В бурых сумерках комнаты она подошла к открытому окну – малопривлекательному, в сравнении с таким манким окном соседней комнаты. Все еще не веря, что такие страшные слова действительно были им произнесены – Елена наклонилась, перевесившись через подоконник, чтобы взглянуть в последний раз на его двор – в хороводе зажигающихся окон. И тут закружилась голова в полусуицидальном порыве, окно стало заманивать как дверь: «Все кончено, жизнь кончена», – густо нашептывал какой-то, не ее, голос. Елена резко отстранилась от подоконника и отошла к письменному столу Семена, на котором, как ей впотьмах увиделось, лежала, раскрытая где-то на середине, обшарпанная – видимо, библиотечная, – советская какая-то книжонка. Чтобы справиться с захлестнувшей вдруг опять запредельной, непереносимой болью, Елена автоматическим движением, безо всякого любопытства, наклонилась чтобы посмотреть, что за книга – и – глазам своим впотьме не поверила: книжка была раскрыта на странице, где черным по белому, крупно, так, чтобы даже в чернющей разобрать черноте, написан был заголовок главки: «Суровый, но необходимый урок».
Мигом придя в себя, улыбнувшись, даже рассмеявшись тихо, чувствуя, как будто бы чья-то заботливая рука вынимает жало из сердца, Елена вымолвила:
– Спасибо, Господи.
И быстро сказав Семену из черного коридора, что уезжает, вышла за дверь.
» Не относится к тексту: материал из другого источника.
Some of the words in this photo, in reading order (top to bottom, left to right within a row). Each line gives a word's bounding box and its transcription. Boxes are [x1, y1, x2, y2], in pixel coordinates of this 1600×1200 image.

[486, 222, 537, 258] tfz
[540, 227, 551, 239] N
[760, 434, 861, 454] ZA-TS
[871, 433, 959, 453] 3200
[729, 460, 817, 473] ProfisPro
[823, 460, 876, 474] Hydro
Доехав, в танцующем, поющем, состоянии до Цветного, она осознала сразу две земные, технические загвоздки: первая – что не знает Крутаковского телефона в Юлиной квартире, а вторая – что сейчас умрет от жажды, а даже копеечки на газировку из пасти автомата, сверкающего, справа от выхода, тремя очами, нету – последний пятак ухнут в метро.
Во рту все пересохло.
У метро было безлюдно.
Всё в том же доверчивом, радостном, по-детски открытом навстречу небу состоянии – зная прекрасно, что это уже баловство – за несколько шагов до автомата газировки она все-таки попросту попросила:
– Мне ужасно-ужасно хочется пить… После этого самого тяжелого дня в моей жизни… Я знаю, что это баловство, но можно – просто без сиропа – просто, как-нибудь, стакан водички…?
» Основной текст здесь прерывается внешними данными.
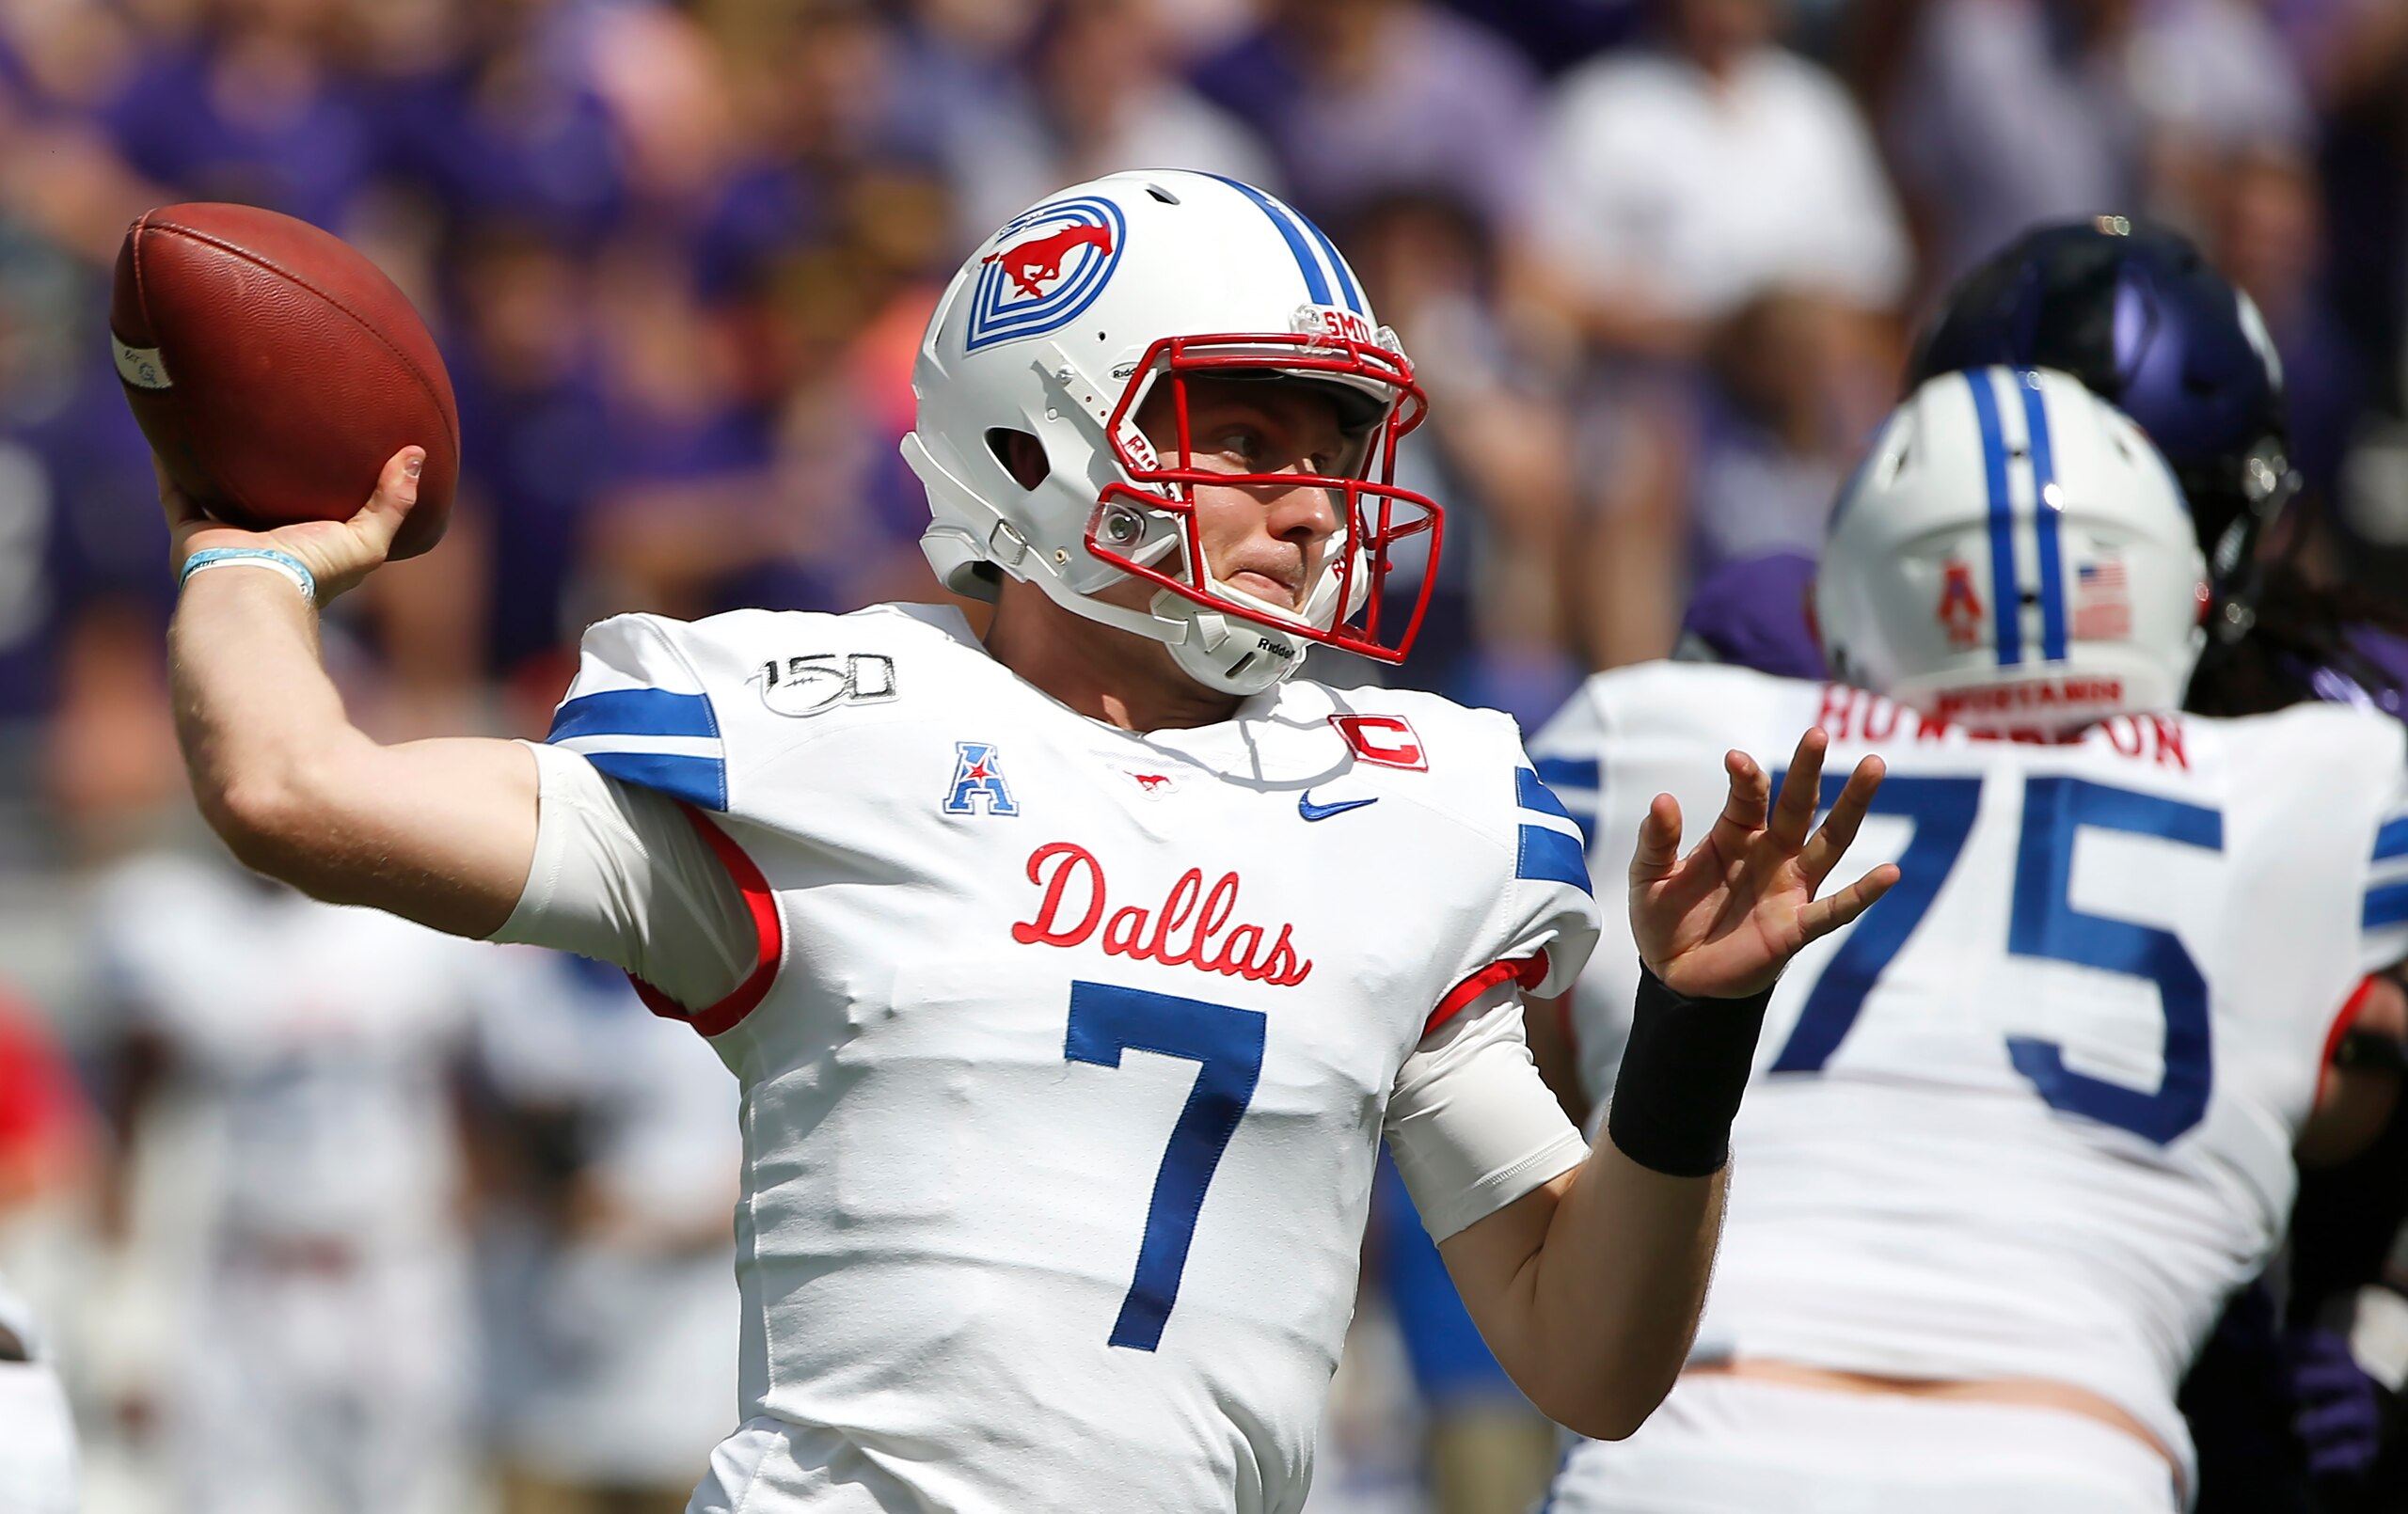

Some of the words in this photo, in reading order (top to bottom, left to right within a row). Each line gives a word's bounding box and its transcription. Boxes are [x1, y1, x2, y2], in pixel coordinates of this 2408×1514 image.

[1323, 311, 1371, 345] SMU
[1339, 717, 1421, 765] C
[1012, 842, 1312, 986] Dallas
[1766, 769, 2225, 1145] 75
[1064, 980, 1266, 1352] 7
Дойдя до автомата с газировкой, она увидела с краю, на мойке, в хромированной пещерке, копейку.
Сглотнув комок подступивших слез благодарности – и вовсе уже погрузившись в ощущение чуда – безграничного, щедро подстраховавшего ее, подставившего ей ладони, когда она падала, – Елена с жадным наслаждением выпила пузырящийся стакан – в нос и глаза стреляющей – газировки, – дав себе зарок никогда больше по бытовым, прикладным поводам чуда не просить.
И в меркло-лиловых потемках помчалась через бульвар.
– Рррепин, ка-а-аррртина «Не ждали!» – Крутаков с издевательским недовольством на роже стоял, по-балетному, в дверях, правым, чуть поднятым вверх локтем опираясь на косяк двери – и не намереваясь ее, кажется, впускать. – А позвонить не могла? Я ррработаю, между прррочим, сижу.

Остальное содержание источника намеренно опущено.